Cómo canto de ángeles, cómo advenimiento divino todos recitan un primer-ultimo e insaboro párrafo: «Su padre vivo ya no está, ha sido encontrado en matorrales de sangre y luto familiar. Esta mañana ha sido visto por última vez con alegría y humor, pero la tarde es negra y su corazón ya no late, sus ojos ya no ven, ni su boca pronuncia versos de amor ni de desdicha. Su padre está muerto, su padre se ha ido. La noche triste estará de su inconmensurable perdida. Usted espere a la madrugada para un agotado adiós por siempre.»

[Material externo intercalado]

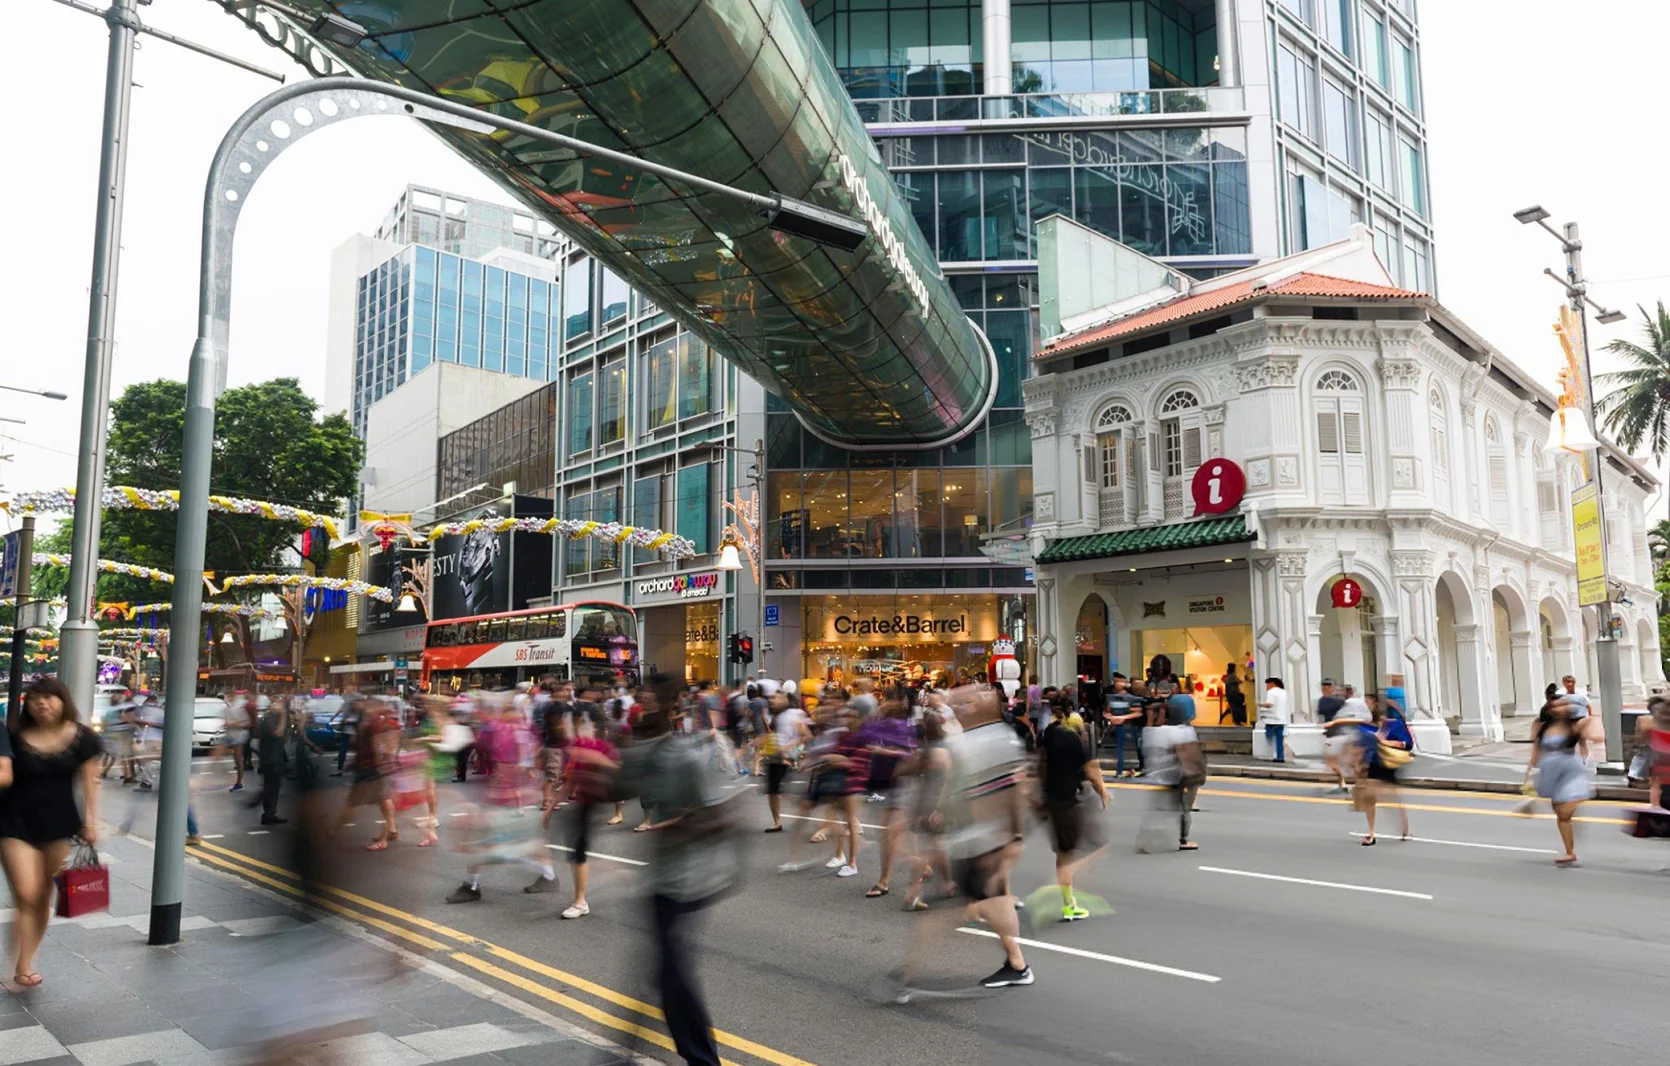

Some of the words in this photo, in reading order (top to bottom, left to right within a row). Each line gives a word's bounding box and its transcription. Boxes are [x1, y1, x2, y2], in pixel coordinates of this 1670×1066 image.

[639, 574, 717, 595] orchardgateway
[834, 615, 965, 634] Crate&Barrel
[515, 648, 527, 661] SBS
[528, 644, 556, 660] Transit

Mientras esas personas me dicen lo que me tienen que decir, mi cerebro piensa en todo lo que hice por él y con él y en todo lo que deje de hacer. Mis entrañas se retuercen y es imposible detener el diluvio ocular, los brazos me sostienen cuando pretendo dejarme llevar por el arrastre de La Tierra como el fruto que cae de ese manzano. Y como si fuera mi vida hecha a cuadros se detiene sin piedad en aquellas memorias que causan más que yagas y quemaduras, mis manos en mi rostro se muestran como inútiles contenedores de las lágrimas frías desmontadas bajo la sombra del estío.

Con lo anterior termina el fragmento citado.